Then the product of \( (x - r_1)(x - r_2) ... (x - r_{n+1}) \) is a polynomial of degree \(n + 1\).
This assumption leads to a contradiction. Hence the polynomial \( d(x) \) can have at most \( n \) distinct roots.
Hence, the probability Alice randomly picks an \( r \) such that \( (p(r) \equiv q(r) \to d(r) = p(r) - q(r) \equiv 0 ) \) is at most \( ( n/|F| \leq n/n^2 \leq 1/n ) \).
Since n-degree polynomial \( d(r) = p(r) - q(r) \) has at most \( n \) roots, a randomly picked value \( r \) in \( F \) of size \( n^2 \) will only let \( d(r) \) equal to zero with a probability \( ( n/n^2 = 1/n )\).
- Polynomials are constrained by their degree
As we can see that, A polynomial \( d(x) \) of degree \( n \) over a large field \( F \) is uniquely determined by its values on \( n+1 \) distinct points. (one extra constant coefficient with no variable)

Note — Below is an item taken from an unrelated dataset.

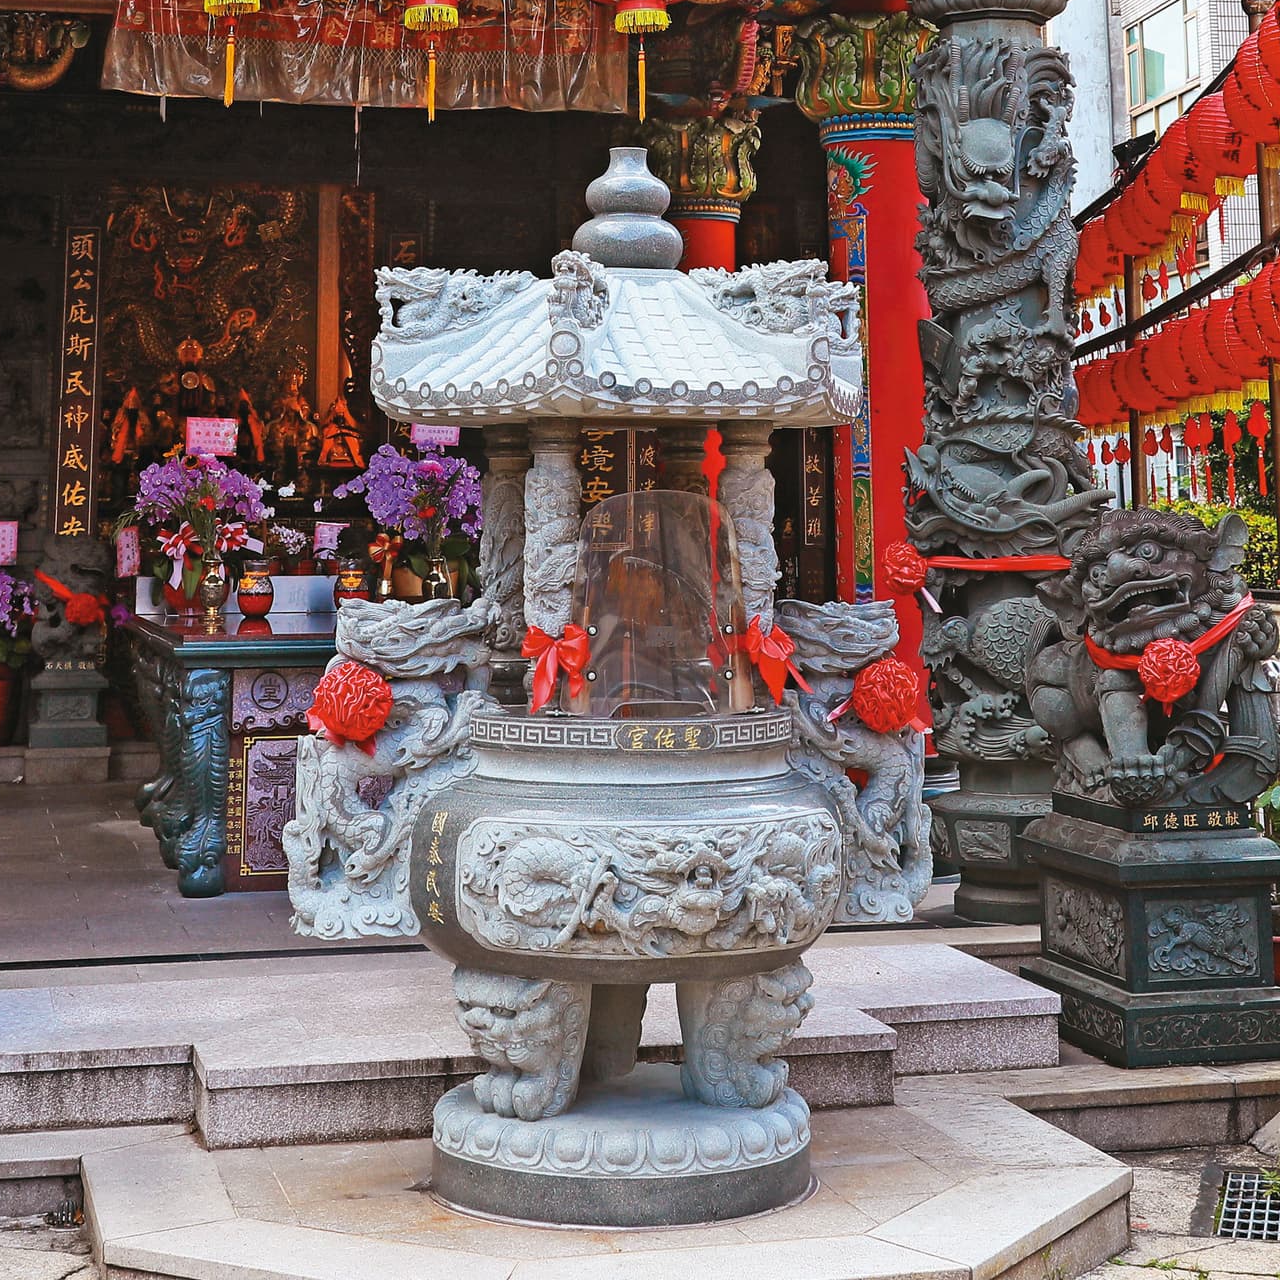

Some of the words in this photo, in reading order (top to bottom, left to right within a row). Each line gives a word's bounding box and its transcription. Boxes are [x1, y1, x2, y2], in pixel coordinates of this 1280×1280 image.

If \( p(x) \) is not equal to \( q(x) \), then they can only agree on at most n points (\( d(x) = p(x) - q(x) = 0 ) \), meaning they differ at most everywhere on the field. This strong divergence is very useful and powerful for error detection.
- The Power of Low-degree
In practice, we aim to keep the degree of a polynomial as low as possible while ensuring that each term uniquely affects the polynomial.
A polynomial of degree \( n \) has \( n+1 \) terms, each with a distinct power of \( x \) and a unique coefficient, which ensures that every term influences the polynomial differently.
Low-degree polynomials are powerful because if two polynomials differ, they will diverge over many points when evaluated multiple times with efficient evaluation. This makes discrepancies clear across a larger number of evaluations.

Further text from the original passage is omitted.